--- Task inputs Enclosed Below ---
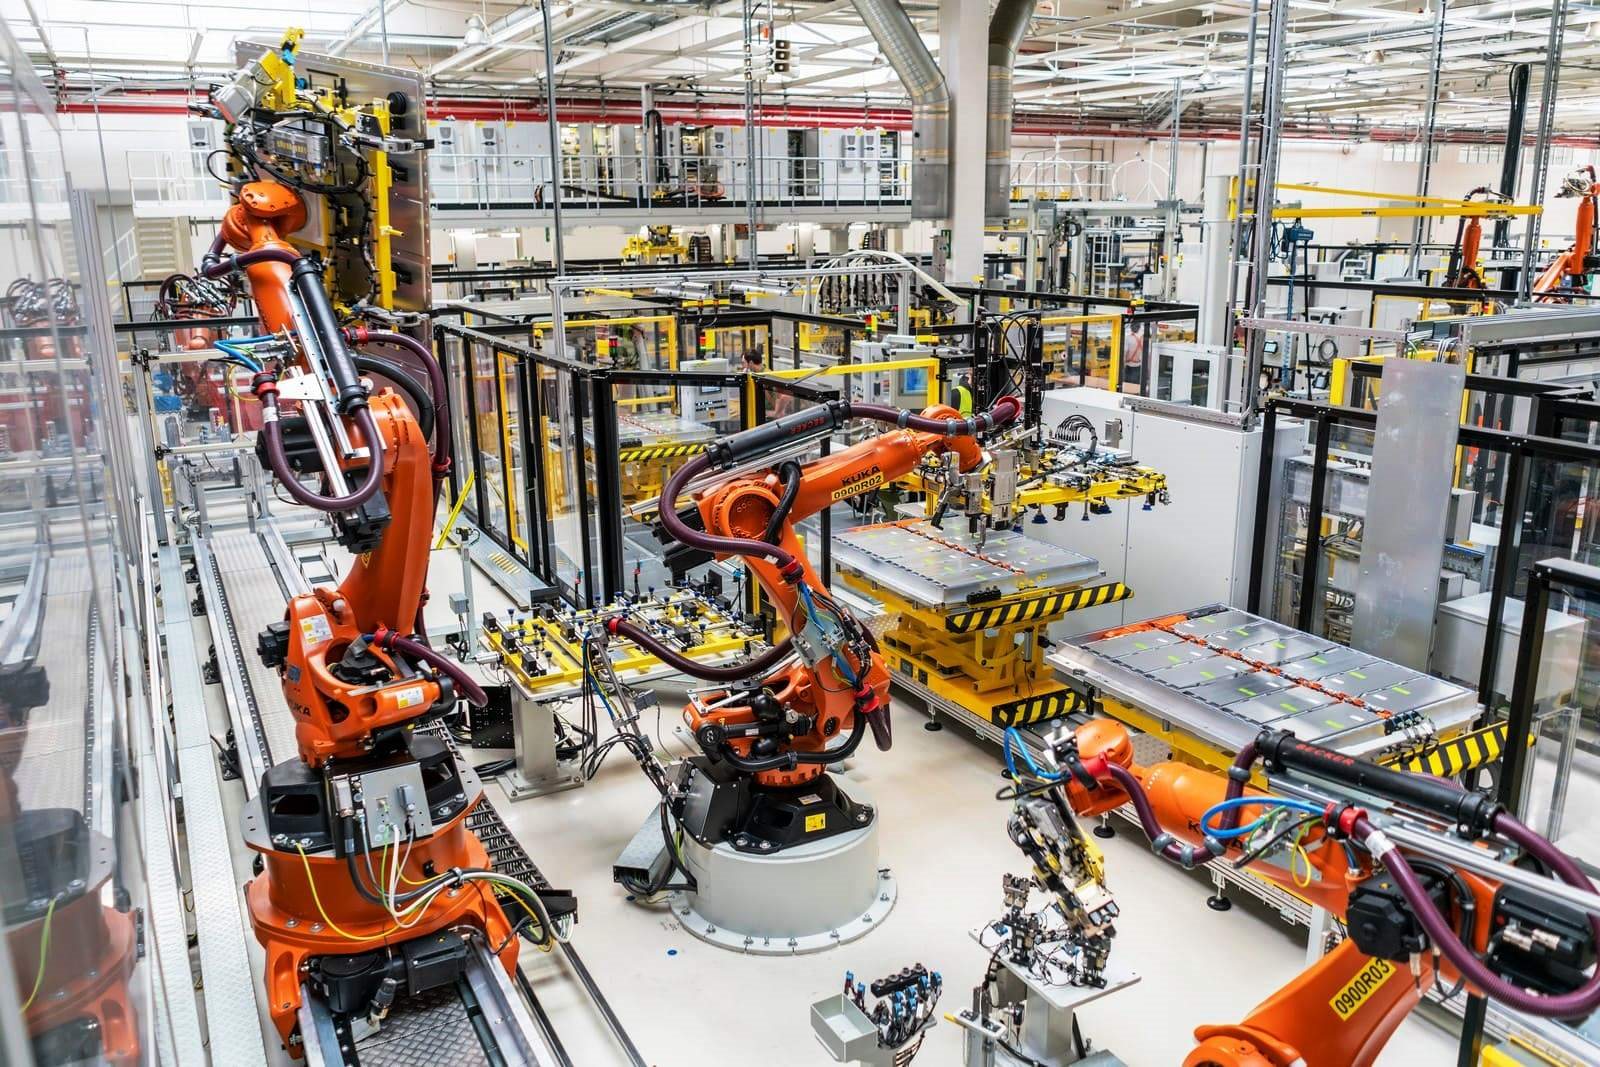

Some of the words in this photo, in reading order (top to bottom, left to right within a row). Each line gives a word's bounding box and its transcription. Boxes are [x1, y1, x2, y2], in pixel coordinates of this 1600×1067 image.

[833, 475, 882, 500] 0900R02
[841, 465, 880, 486] KUKA
[1334, 958, 1390, 1014] 0900R03
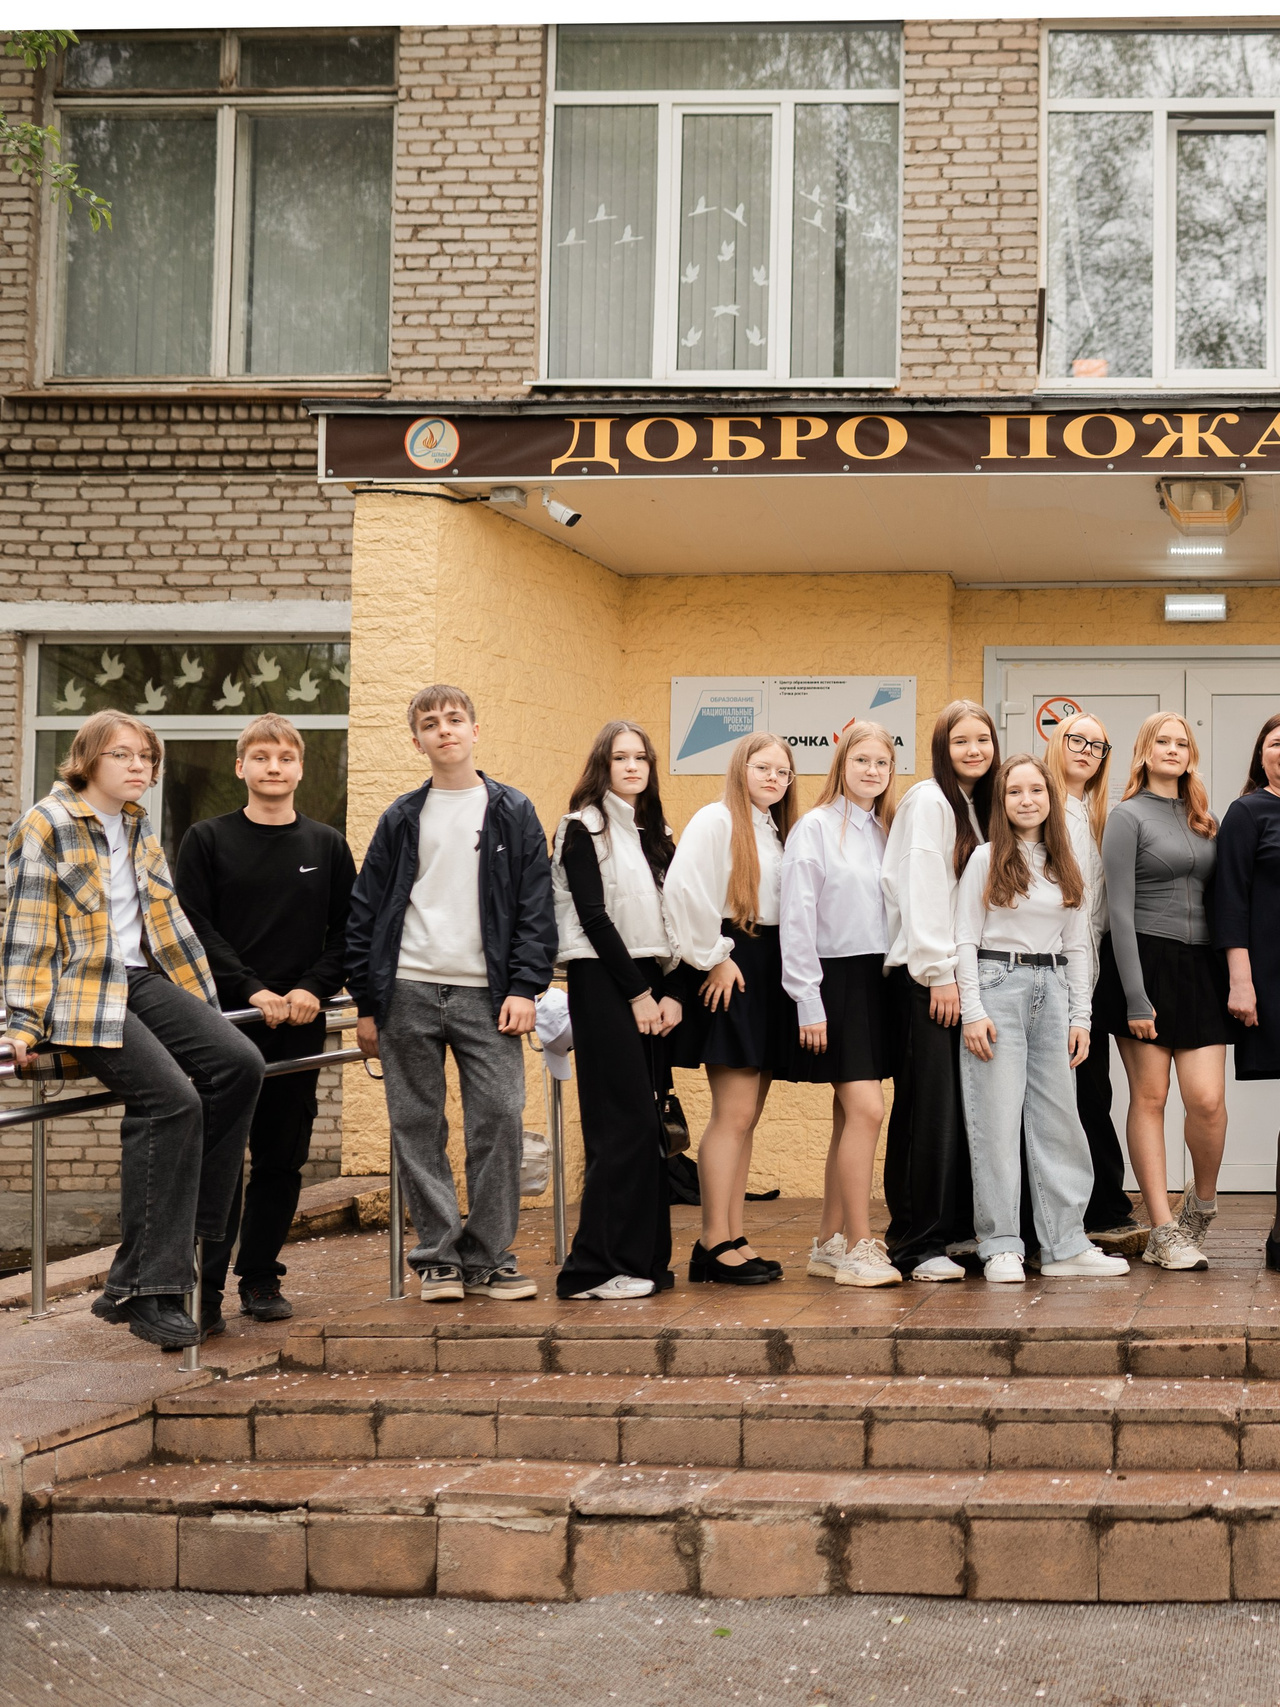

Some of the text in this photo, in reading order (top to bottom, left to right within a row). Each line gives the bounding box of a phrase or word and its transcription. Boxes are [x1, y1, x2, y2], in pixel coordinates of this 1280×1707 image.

[551, 414, 908, 474] ДОБРО
[701, 708, 753, 717] НАЦИОНАЛЬНЫЕ
[723, 716, 753, 724] ПРОЕКТЫ
[728, 724, 753, 732] РОССИИ
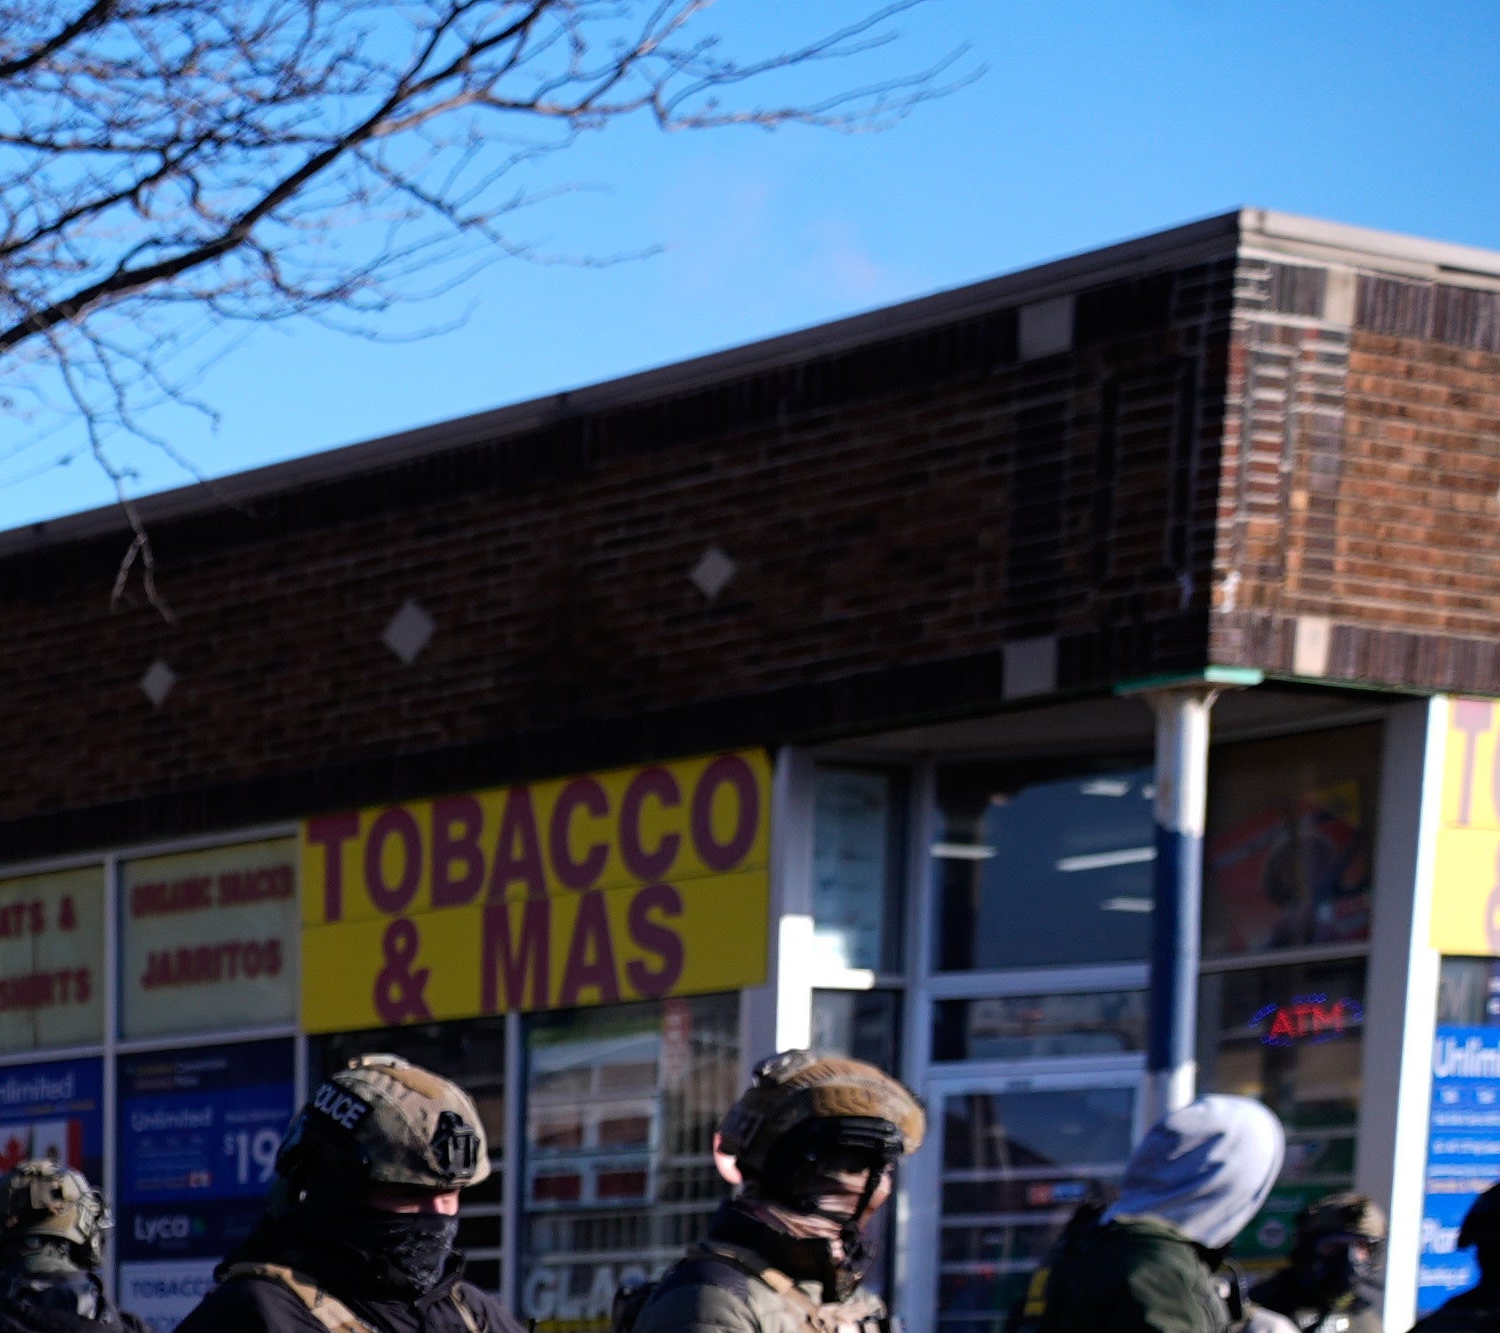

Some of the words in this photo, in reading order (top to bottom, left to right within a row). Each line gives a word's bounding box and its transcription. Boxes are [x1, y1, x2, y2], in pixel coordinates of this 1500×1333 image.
--- End of Enclosed Task inputs ---
● Exercise
What is needed is every line of the data above, set down exactly but with the images left out.

● Written answer
Some of the words in this photo, in reading order (top to bottom, left to right within a row). Each line gives a word's bounding box and its transcription. Boxes are [x1, y1, x2, y2], in pixel coordinates of this 1600×1067 image.

[833, 475, 882, 500] 0900R02
[841, 465, 880, 486] KUKA
[1334, 958, 1390, 1014] 0900R03

Some of the text in this photo, in reading order (top to bottom, left to right within a row). Each line gives the bounding box of a phrase or word and its transcription. Boxes are [x1, y1, x2, y2], in pixel coordinates of this 1280×1707 image.

[551, 414, 908, 474] ДОБРО
[701, 708, 753, 717] НАЦИОНАЛЬНЫЕ
[723, 716, 753, 724] ПРОЕКТЫ
[728, 724, 753, 732] РОССИИ

Some of the words in this photo, in reading order (top to bottom, left to right within a row). Each line gives a word's bounding box and its transcription. Boxes are [x1, y1, x2, y2], in pixel coordinates of this 1500×1333 image.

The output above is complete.